Son petit déjeuner gâché, il se décida à attaquer sa journée. Il n’avait rien de prévu ce matin-là. Gyen savait que les matins où rien n’était prévu étaient les pires. Ils finissaient trop souvent de manière inattendue et désagréable. Comme il allait bientôt le découvrir, ce matin-là, ne ferait pas exception à cette règle. Il revêtit sa veste de cuir marron – moche et confortable – et ses boots – sans les semelles fraîches du frigo parce que nous étions au mois de février et qu’elles n’étaient donc pas à propos. Alors que sa main s’apprêtait à saisir la poignée de la porte d’entrée, il entendit une voix par-dessus son épaule.

  • Billet s’il vous plaît.
  • Pardon, dit Gyen en se retournant.
  • Billet s’il vous plaît, répéta le contrôleur qui se trouvait face à lui. Gyen fouilla les poches de sa veste et – dans le fond de la poche secrète à l’intérieur de la poche intérieur – il trouva un petit billet de train orange. Le contrôleur prit le billet et le poinçonna en disant : Ah, Dundee ! Vous descendez au prochain arrêt, mon garçon.

Gyen trouva que le « mon garçon » était totalement superflu compte tenu qu’il ne devait pas y avoir un écart d’âge si grand entre eux. Mais il ne dit rien à ce sujet. Il ne dit rien non plus concernant le fait qu’il se trouvait soudain dans un train en direction de Dundee et non plus dans son hall d’entrée. Cela ne servait à rien de se poser une telle question puisqu’il était de toute façon sur le point d’arriver.

En descendant sur le quai, une bourrasque de vent froid et humide lui balaya désagréablement le visage. Il pouvait y sentir les embruns de la mer du nord, mais aussi une odeur acre et tenace qui n’avait rien à voir avec la mer. Dans son esprit ça sentait comme quelque chose de violet, ou pire, de Bordeaux… Oui, c’était ça. Une odeur Bordeaux.
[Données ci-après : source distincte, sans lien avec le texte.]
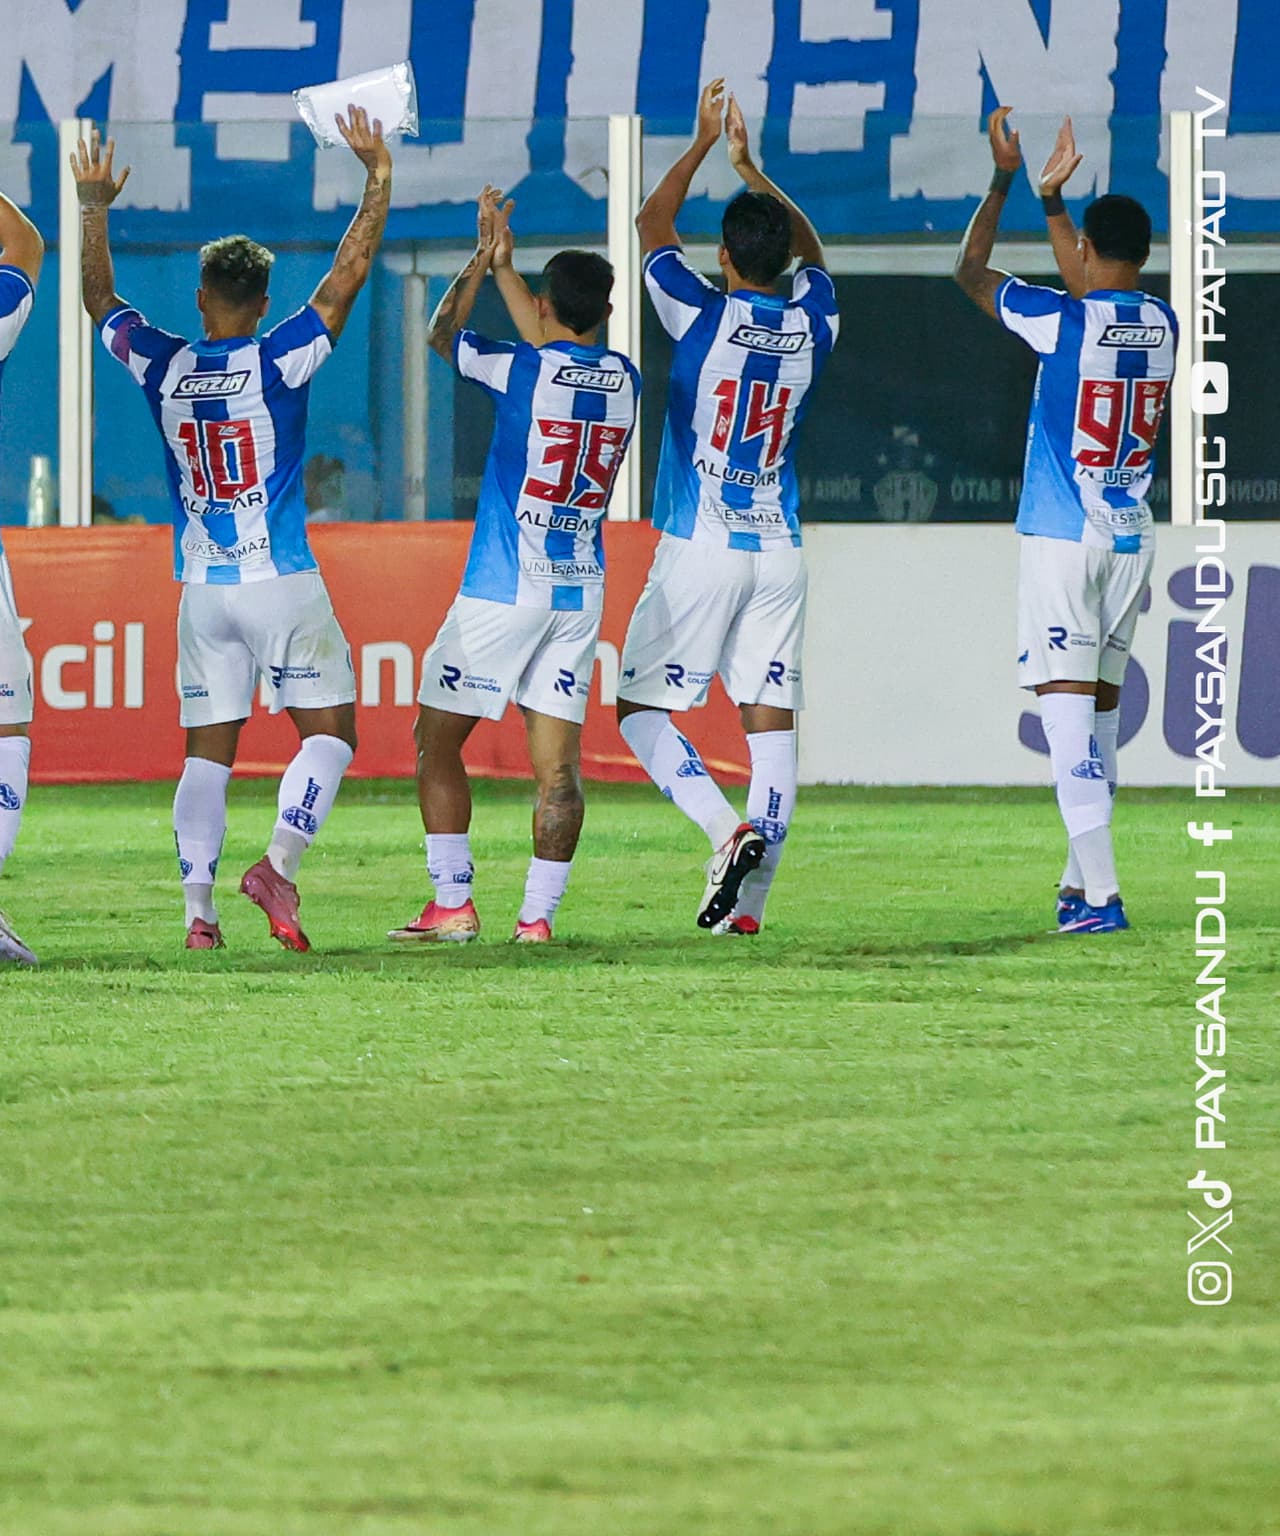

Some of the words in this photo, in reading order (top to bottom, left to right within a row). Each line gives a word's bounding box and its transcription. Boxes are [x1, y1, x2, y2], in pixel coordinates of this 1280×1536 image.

[740, 328, 805, 352] GAZIN
[1105, 326, 1165, 345] GAZIN
[178, 373, 248, 396] GAZIN
[559, 367, 624, 390] GAZIN
[709, 378, 793, 469] 14
[1073, 379, 1172, 469] 99
[177, 418, 260, 501] 10
[523, 418, 628, 510] 39
[694, 458, 777, 487] ALUBAR
Le parfum de quelque chose de malsain et malhonnête à la fois. D’une chose qui s’insinue lentement et pénètre salement par capillarité dans tous les recoins. C’était insupportable. Il lui fallait immédiatement en trouver la source afin de mettre un terme à ses effluves. Tel un limier, il se mit à suivre l’odeur. Son nez le porta jusqu’au pont neuf et sur la rive opposée de Tayport. C’était un minuscule village de pêcheurs empreint d’un charme pittoresque fou. Là, il erra entre les habitations. Il crut à un moment avoir perdu la piste, après avoir passé l’église en face de l’unique restaurant de la rive : une baraque à fish n’ chips.

Mais au détour d’une rue, l’odeur le frappa de nouveau de plein fouet. Il continua son chemin entre les petites habitations et arriva jusqu’à une impasse. Il sut la reconnaître au premier regard. Elle n’était pas imposante ou effroyable d’aucune sorte. Elle arborait de jolie couleur sur une jolie forme d’ensemble. Mais l’odeur… Il savait qu’elle était habitée d’une chose malsaine. Au moins, il avait rapidement compris la raison de son arrivée dans cette ville ce matin-là. Il devait entrer dans cette maison.